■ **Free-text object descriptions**
# # # #

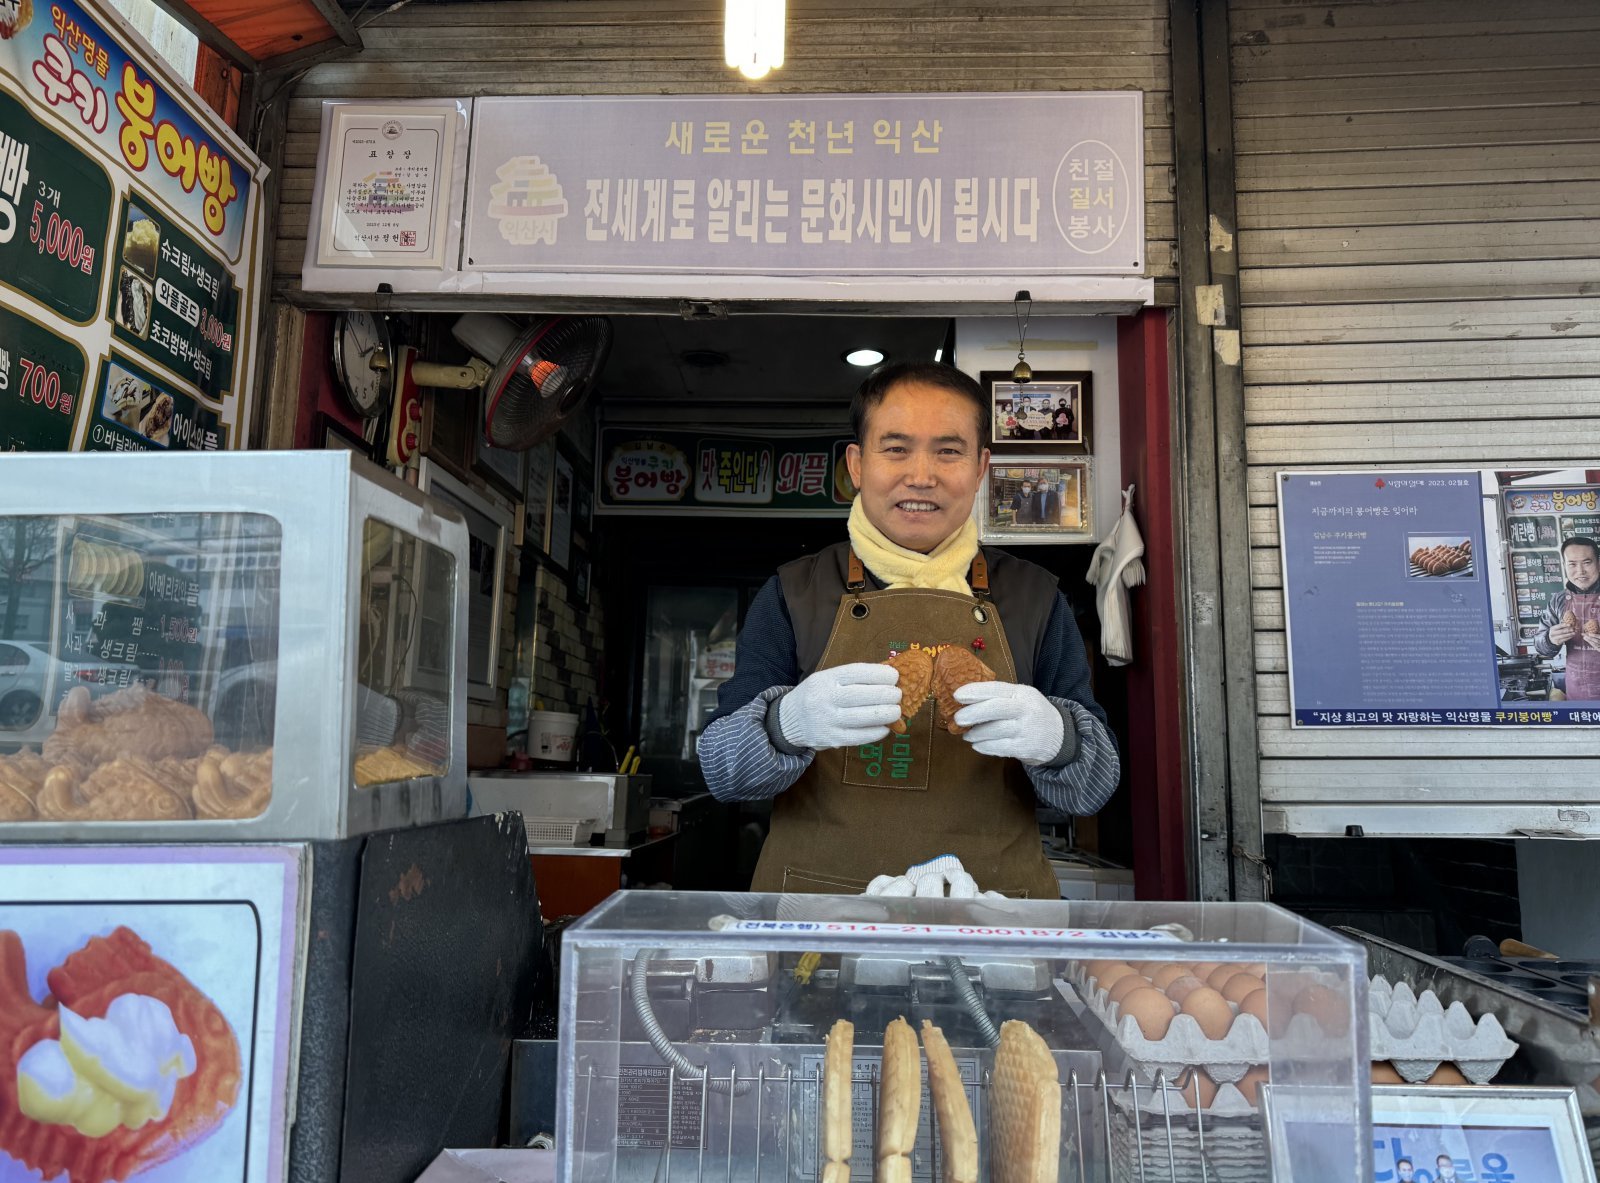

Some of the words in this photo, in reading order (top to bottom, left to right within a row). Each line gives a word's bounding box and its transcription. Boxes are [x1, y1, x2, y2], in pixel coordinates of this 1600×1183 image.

[51, 4, 109, 79] 익산명물
[32, 33, 108, 133] 쿠키
[114, 62, 237, 236] 붕어빵
[665, 119, 769, 155] 새로운
[788, 119, 854, 155] 천년
[873, 119, 943, 154] 익산
[1068, 159, 1115, 181] 친절
[38, 180, 60, 208] 3개
[584, 178, 695, 242] 전세계로
[707, 179, 788, 243] 알리는
[800, 177, 941, 243] 문화시민이
[954, 177, 1040, 243] 됩시다
[1068, 186, 1115, 210] 질서
[30, 200, 95, 275] 5,000원
[1068, 216, 1116, 240] 봉사
[161, 238, 220, 301] 슈크림+생크림
[159, 282, 198, 323] 와플골드
[150, 320, 213, 381] 초코범벅+생크림
[20, 357, 73, 415] 700원
[613, 465, 686, 496] 붕어빵
[701, 447, 717, 492] 맛
[776, 452, 829, 497] 와플
[1311, 506, 1353, 516] 지금까지의
[1355, 506, 1391, 516] 붕어빵은
[1552, 491, 1598, 511] 붕어빵
[101, 640, 138, 662] 생크림
[98, 667, 132, 688] 생크림
[1345, 712, 1378, 723] 최고의
[1382, 712, 1394, 723] 맛
[1397, 712, 1442, 723] 자랑하는
[1445, 711, 1492, 723] 익산명물
[826, 924, 1087, 937] 514-21-0001872
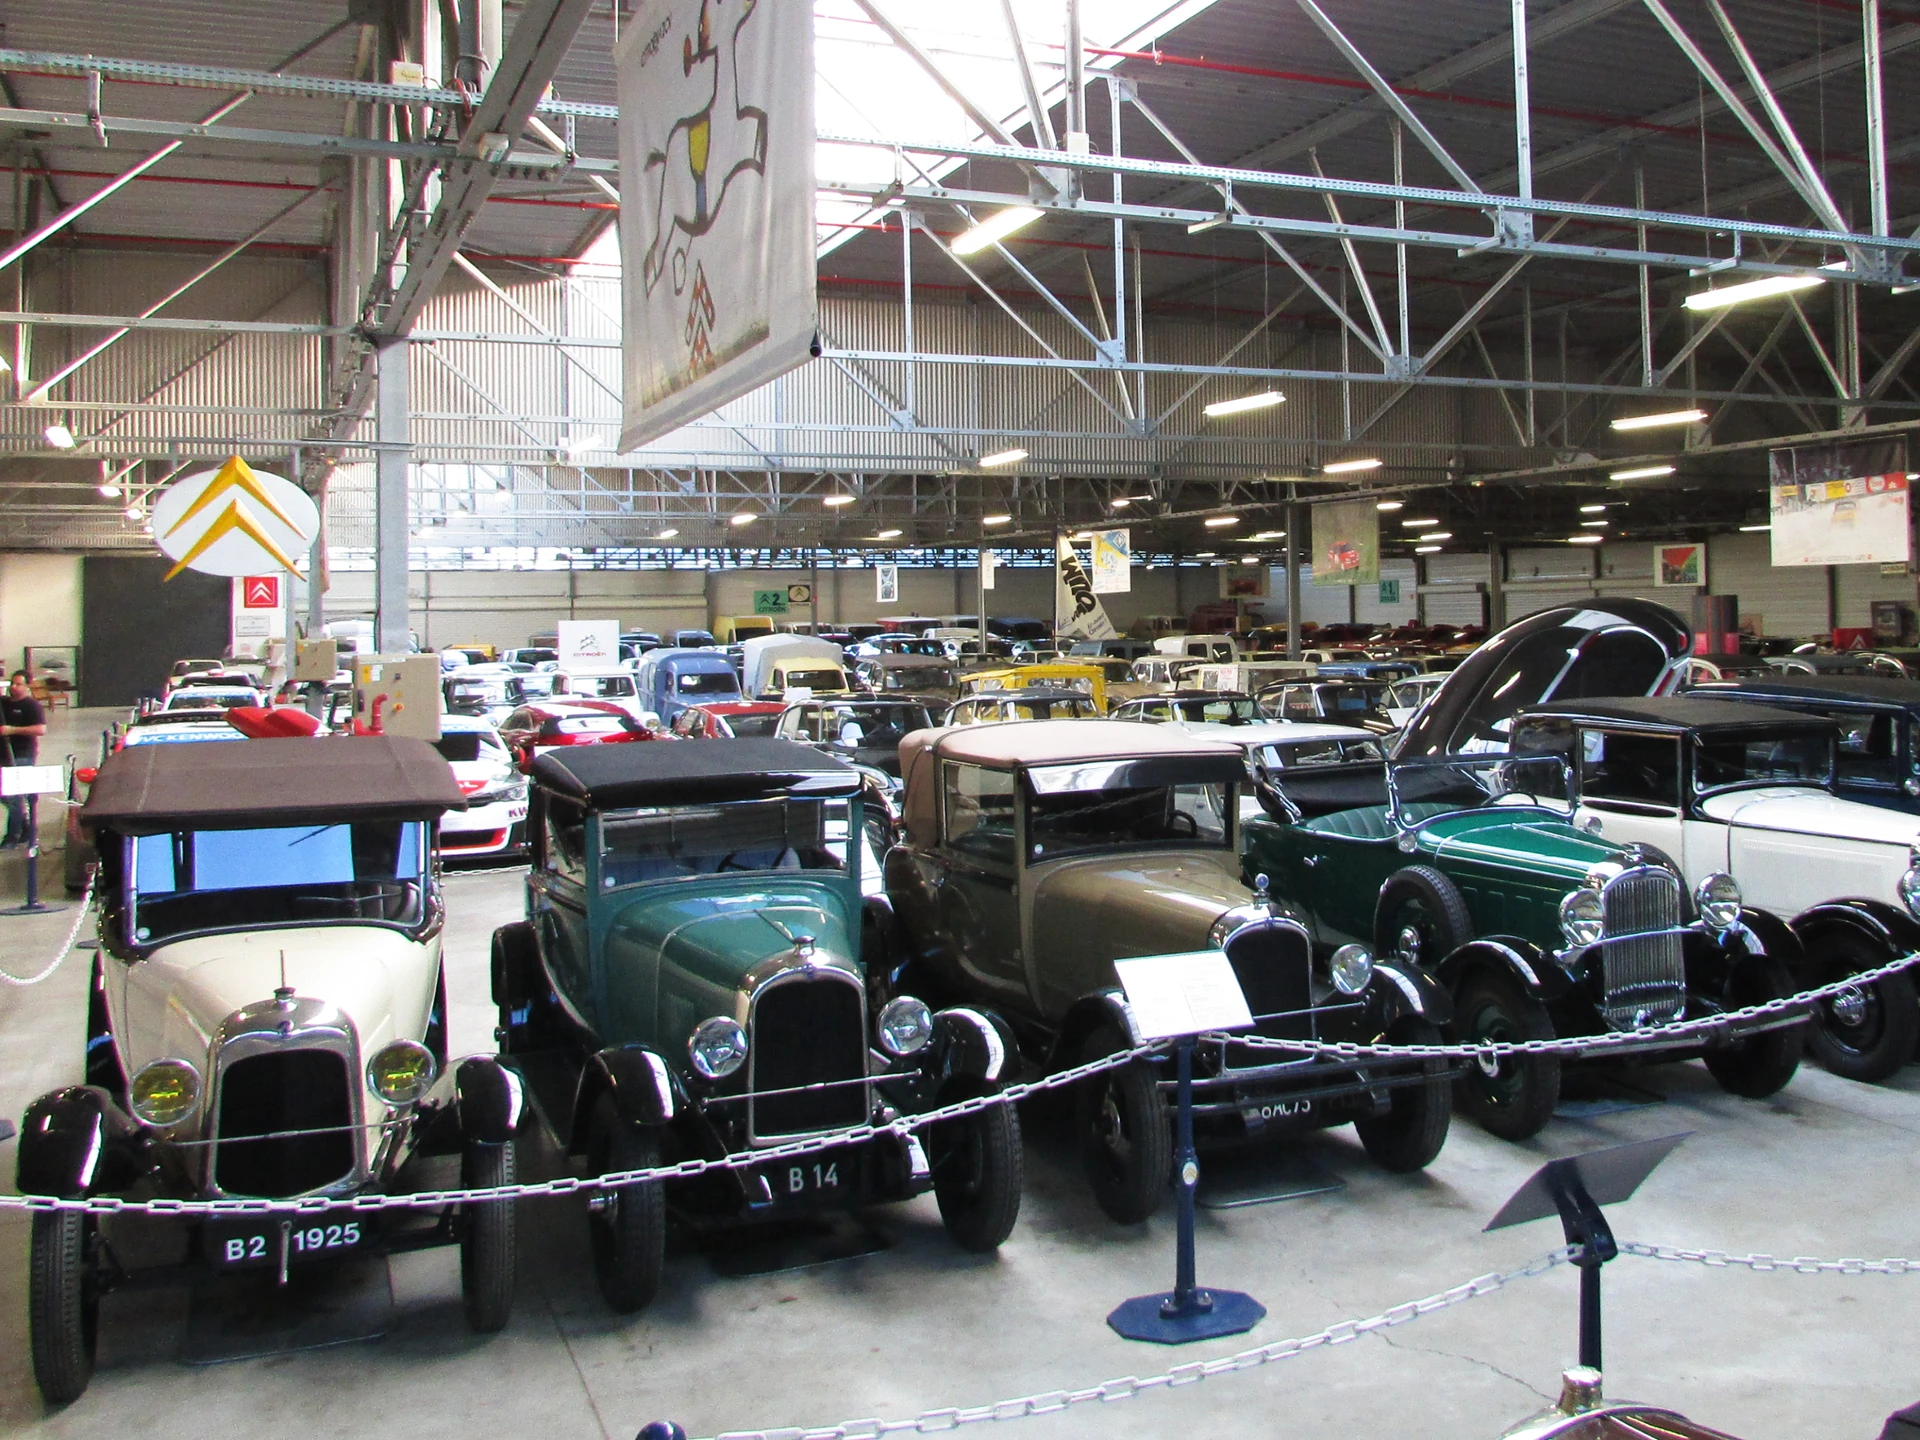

# # # #

■ **Task brief**
Reproduce the data exactly, please, and omit its pictures.

■ **Written response**
Some of the words in this photo, in reading order (top to bottom, left to right within a row). Each line gives a word's bounding box and its transcription. Boxes are [x1, y1, x2, y2], in pixel coordinates of this 1600×1183 image.

[51, 4, 109, 79] 익산명물
[32, 33, 108, 133] 쿠키
[114, 62, 237, 236] 붕어빵
[665, 119, 769, 155] 새로운
[788, 119, 854, 155] 천년
[873, 119, 943, 154] 익산
[1068, 159, 1115, 181] 친절
[38, 180, 60, 208] 3개
[584, 178, 695, 242] 전세계로
[707, 179, 788, 243] 알리는
[800, 177, 941, 243] 문화시민이
[954, 177, 1040, 243] 됩시다
[1068, 186, 1115, 210] 질서
[30, 200, 95, 275] 5,000원
[1068, 216, 1116, 240] 봉사
[161, 238, 220, 301] 슈크림+생크림
[159, 282, 198, 323] 와플골드
[150, 320, 213, 381] 초코범벅+생크림
[20, 357, 73, 415] 700원
[613, 465, 686, 496] 붕어빵
[701, 447, 717, 492] 맛
[776, 452, 829, 497] 와플
[1311, 506, 1353, 516] 지금까지의
[1355, 506, 1391, 516] 붕어빵은
[1552, 491, 1598, 511] 붕어빵
[101, 640, 138, 662] 생크림
[98, 667, 132, 688] 생크림
[1345, 712, 1378, 723] 최고의
[1382, 712, 1394, 723] 맛
[1397, 712, 1442, 723] 자랑하는
[1445, 711, 1492, 723] 익산명물
[826, 924, 1087, 937] 514-21-0001872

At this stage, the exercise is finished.